Egypt resists Ikhvanisation

Egypt resists Ikhvanisation

On the first anniversary of taking power in Egypt through the first-ever free elections in the country’s history, President Mohamed Morsi faced a protest from the crowds gathered in Tahrir Square on June 30.

Two years ago, it was the same Tahrir who had revolted against its dictator Hosni Mubarak and led the way to elections. Morsi, a politician from the Ikhvan (Muslim Brotherhood) tradition with a U.S. education background (in engineering) came to power with 51.7 percent of the votes and high hopes. He promised to put an end to political and economical problems of his country in the first 100 days, taking the example of the “first 100 days” tradition of U.S. presidents. At the end of his first 100 days, the polls showed his approval rating as high as 78 percent; the same polls show it as low as 32 percent nowadays.

Güven Sak, the head of the Economic Policy Research Foundation of Turkey listed a number of Morsi’s economic failures in his in-a-nutshell article in the Hürriyet Daily News on June 29, with a touch of a lack of political inclusiveness of his ruling Freedom and Justice Party (FJP). The FJP has been partly inspired by Tayyip Erdoğan’s ruling Justice and Development Party (AK Parti) in Turkey, which was seen as the most successful example of a movement having Islamic roots taking power through free elections. It was no one but Erdoğan himself who had told Egyptians in September 2011 that there was nothing wrong with the secular system, as it made it possible for the AK Parti to have power.

But it was Morsi’s attempt to ask for all state powers, including control over the judiciary and exempting himself from judicial prosecution in November 2012 that marked the beginning of things turning sour. He had to withdraw the decree in December, bowing to a chain of protests and was able to soothe the state apparatus by rewarding the military with even more powers than in the times of Mubarak. Perhaps he assumed that modernist layers of Egyptian society had been relying on the military’s potential to intervene in political life against the Ikhvanization policies, so if they see the army supporting Morsi they would change their attitude.

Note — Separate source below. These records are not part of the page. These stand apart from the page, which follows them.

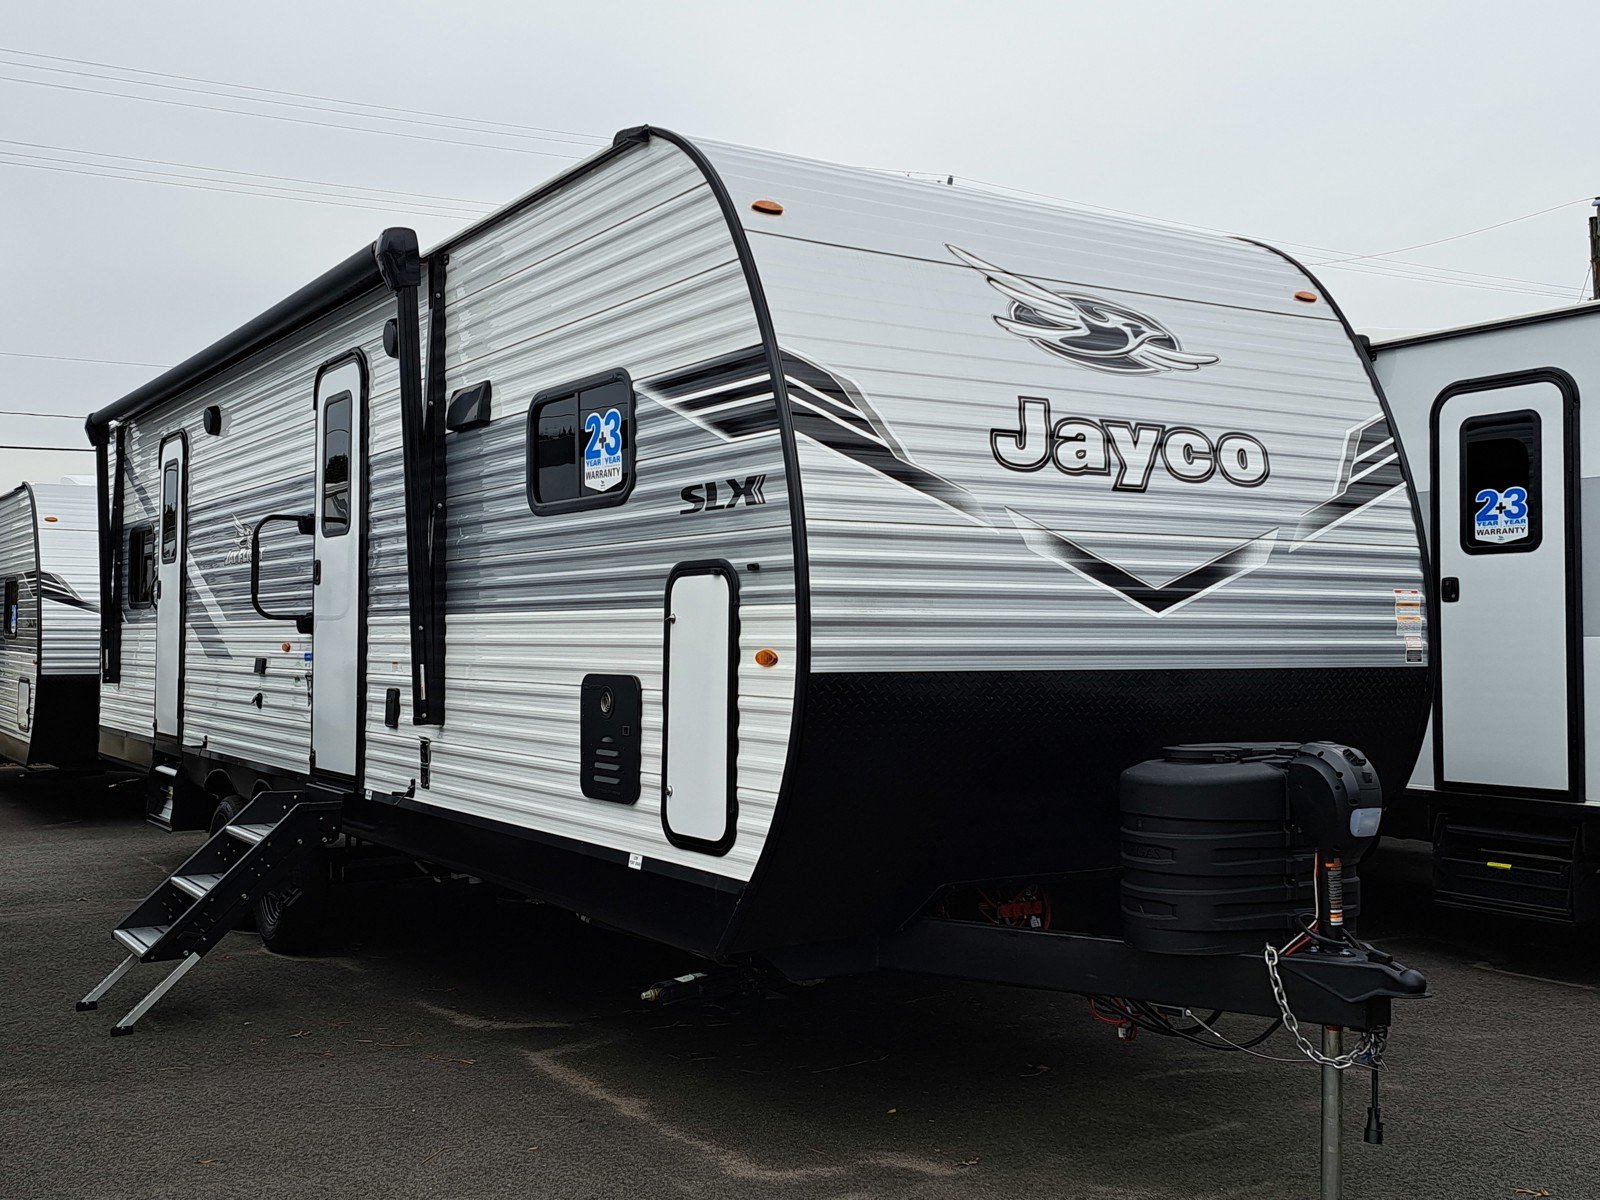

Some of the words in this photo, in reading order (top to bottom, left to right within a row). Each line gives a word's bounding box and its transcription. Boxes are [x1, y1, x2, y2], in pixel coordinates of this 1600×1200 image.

[989, 395, 1271, 493] Jayco
[586, 459, 602, 468] YEAR
[604, 455, 621, 465] YEAR
[586, 467, 621, 481] WARRANTY
[680, 474, 767, 515] SLX
[1503, 518, 1527, 526] YEAR
[1476, 526, 1526, 537] WARRANTY

It seems it was a wrong assumption. The picture of Egypt is a divided one once again. This time the divide is not between the Baathist authoritarianism and hunger for freedoms, but seemingly between the imposition of the Ikvan ideology on the Egyptian system and those who do not want to lose their hopes for a more free and prosperous Egypt.

It is not about the indigestion of the victory of Ikhvan, the most deeply rooted Islamist movement of the Middle East through the ballot box, not a disrespect to people’s choices for the Ikhvanist party. But what the protesters demand is respect for their right to exist as they are, not bowing to political and cultural assimilation through the leverage of the ballot box.

Egyptians too, like Turks, understand clearly that free elections are a ‘sine qua non’ must of a democracy, but not the whole of it; separation of judicial and legislative powers from the executive to enable checks and balances and basic freedoms like press and assembly are vital, too.